The right fight against terrorism
LONDON—I traveled to Paris from London last Monday. It takes two and a half hours by train. We are neighbors, our histories and populations intertwined. My 10-year-old granddaughter will go there next week with her parents as a birthday treat. She loves everything she has learned about Paris. So, like other Londoners, and citizens of free societies everywhere, she was horrified by the recent atrocities there. I suppose, she said, it could have happened here.
So it could—just as it did in 2005, and just as it could again in Madrid, or in Amsterdam, Berlin, Rome, or any other European city. When President François Hollande announced that we are at war with the so-called Islamic State (IS), the “we” included you and me. France’s fight is Britain’s fight and Europe’s fight. It involves all of us.

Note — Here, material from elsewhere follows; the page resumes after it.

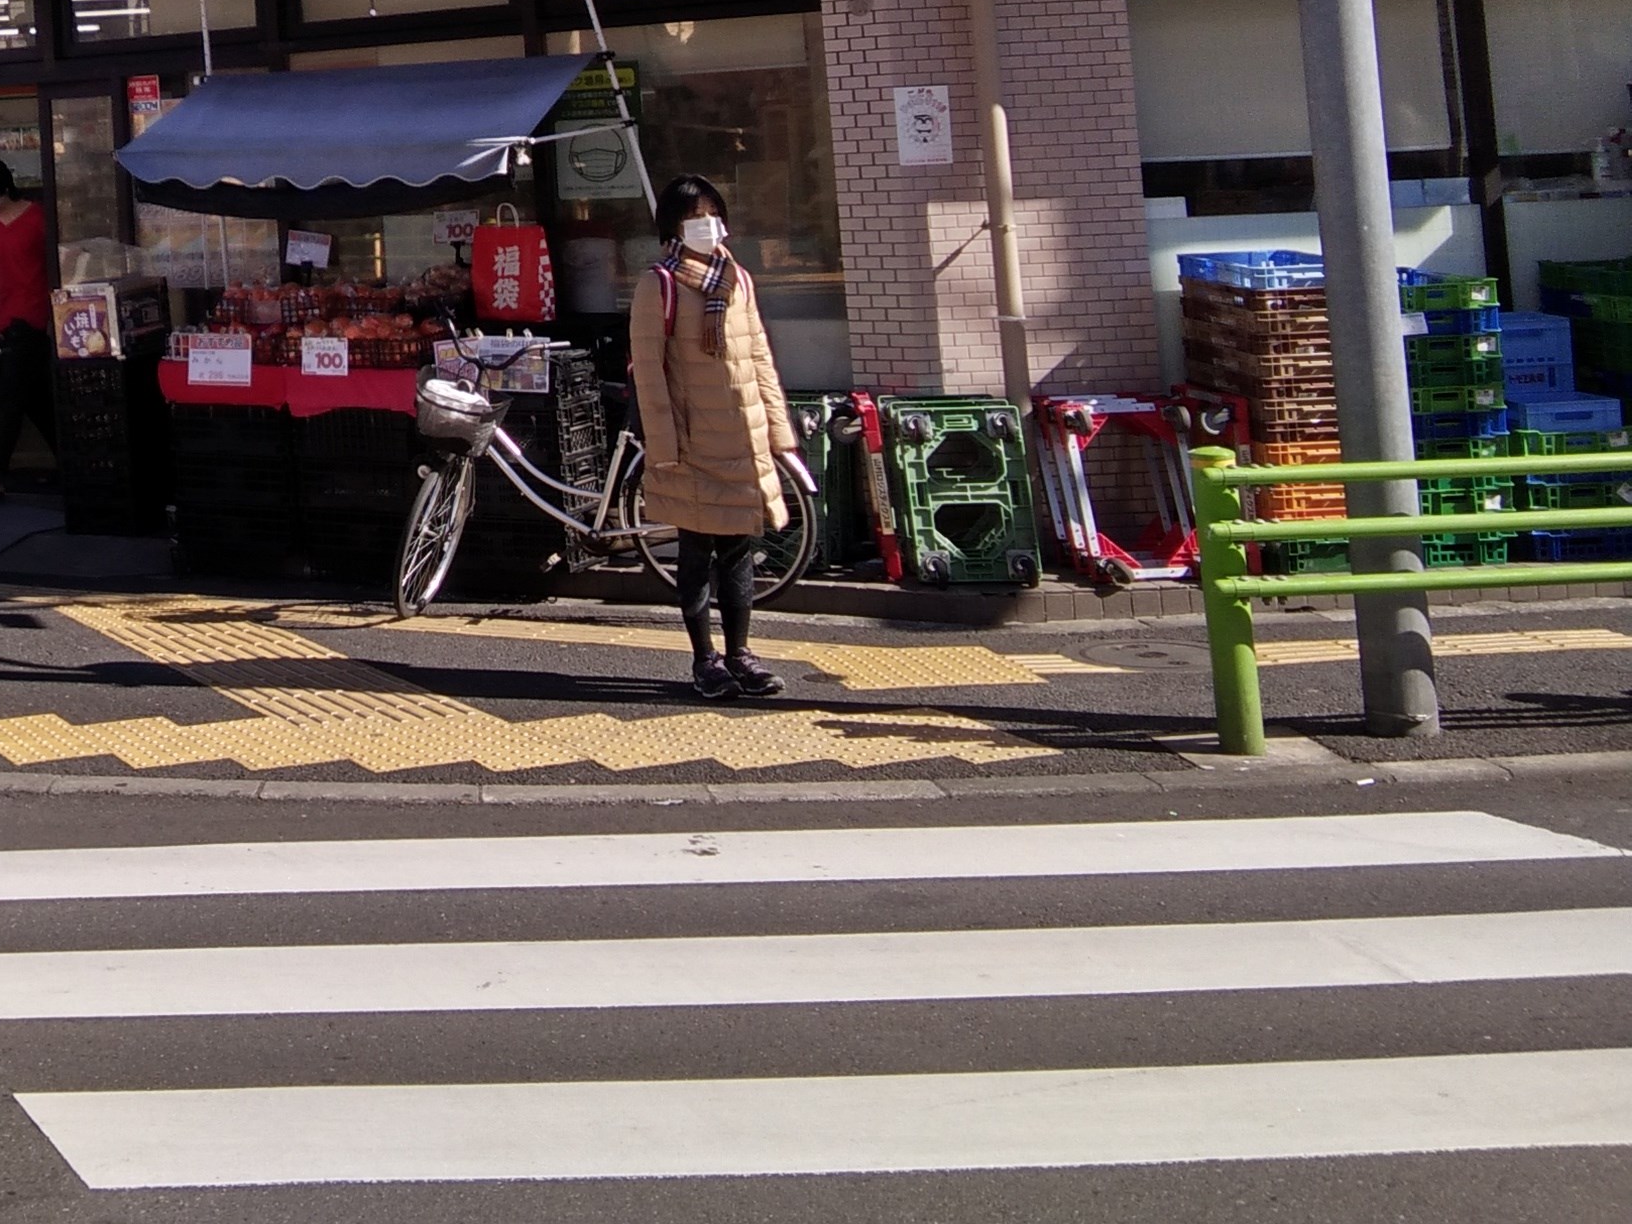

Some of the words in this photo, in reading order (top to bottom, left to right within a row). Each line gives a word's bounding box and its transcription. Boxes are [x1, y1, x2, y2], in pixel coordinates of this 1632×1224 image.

[446, 223, 474, 238] 100
[492, 245, 521, 310] 福袋
[315, 352, 343, 369] 100

Globalization does not mean only mangoes at the supermarket in mid-winter, easy air travel, and the Internet. Terror and barbarity have been globalized, too. Men and women can be taught, trained and armed thousands of miles away and sent to our neighborhoods to kill and maim. International terror requires an international response.
But that response must include dialogue and diplomacy. We must not be driven by horror and fear into forgetting our civic values. That is precisely what the terrorists want. We must not demonize all Muslims. We must not burn interfaith bridges. We must not abandon the core tenets of European civilization, including the obligation to shelter refugees from evil. German Chancellor Angela Merkel’s instinctive reaction to the influx should still be applauded, not condemned.
Populist rabble-rousing against men and women of different faiths and ethnicities will divide our societies at the moment when we should be united. It will play into the hands of the terrorists. From Beirut to Paris, the terrorists’ attacks are a deliberate effort to exacerbate tensions between communities. Marine Le Pen of France’s far-right National Front and others like her might as well be IS’ recruiting sergeants.
Diplomacy was given a strong boost at the recently concluded G-20 meeting in Turkey. That means, above all, obliging the Middle East’s main rivals, Sunni-ruled Saudi Arabia and Shia-ruled Iran, to face up to their responsibility to reduce hostilities between Sunni and Shia groups and countries in West Asia. Western countries have been residual victims of the vicious struggles between Saudi and Iranian proxies.
We need to end the divisions among those in Syria who oppose IS. That may involve giving a short-term role in a political transition to President Bashar al-Assad (partly to save Russia’s face). But a president who has barrel-bombed his own citizens cannot conceivably be part of a longer-term peaceful settlement.
The right political goals and diplomatic priorities are crucial. But we must also face up to the fact that we will not defeat IS without a bigger, more effective, and better coordinated military effort. We must drive IS out of its self-proclaimed caliphate in Syria and Iraq. Otherwise, the territory it controls will continue to be a haven and training ground for murderers.
Perhaps more robust military intervention will provoke further atrocities. But what is certain is that the attacks on civilization will continue until we have cut off IS’ head. As terrorists often brag, we have to succeed in stopping their assaults every time; they only have to succeed every now and then.
Opponents of military intervention cite failure in Iraq and Afghanistan to justify inaction. We should learn from those failures. But appeasement is not one of the lessons. We will not make our free societies safe by bombing IS with strong nouns and weak verbs rather than with high explosives.
To his credit, British Prime Minister David Cameron clearly understands the importance of increasing the military pressure on IS; he had been held back by a head-under-the-blanket faction in his own Conservative Party and in Parliament as a whole. But Europe—indeed, civilization—won’t be kept safe by wishful thinking.
It may be that most of the boots on the ground will have to be worn by Arabs, Iranians and Kurds, including members of the Peshmerga International Brigade. But they need stronger support—not just in the air or with weapons and training, but also from Western special forces.
There is a strong argument, too, for the North Atlantic Treaty Organization to recognize that one of its members, France, has been attacked, thereby activating Article 5 of the North Atlantic Treaty, which ensures mutual defense. The entire alliance should commit itself to the defeat of terrorism.
Yet this is not only Europe’s fight, or that of the United States. This is about global order in a stable and prosperous world. Russia and China should make clear in the United Nations Security Council that the destruction of IS is their fight as well.
All those young men and women cut down in Paris must not have been slaughtered in vain. Their deaths should challenge us to make sure that Paris, the city of light, will help to banish the darkness that threatens to overwhelm the century ahead. Project Syndicate
Chris Patten, the last British governor of Hong Kong and a former EU commissioner for external affairs, is chancellor of the University of Oxford.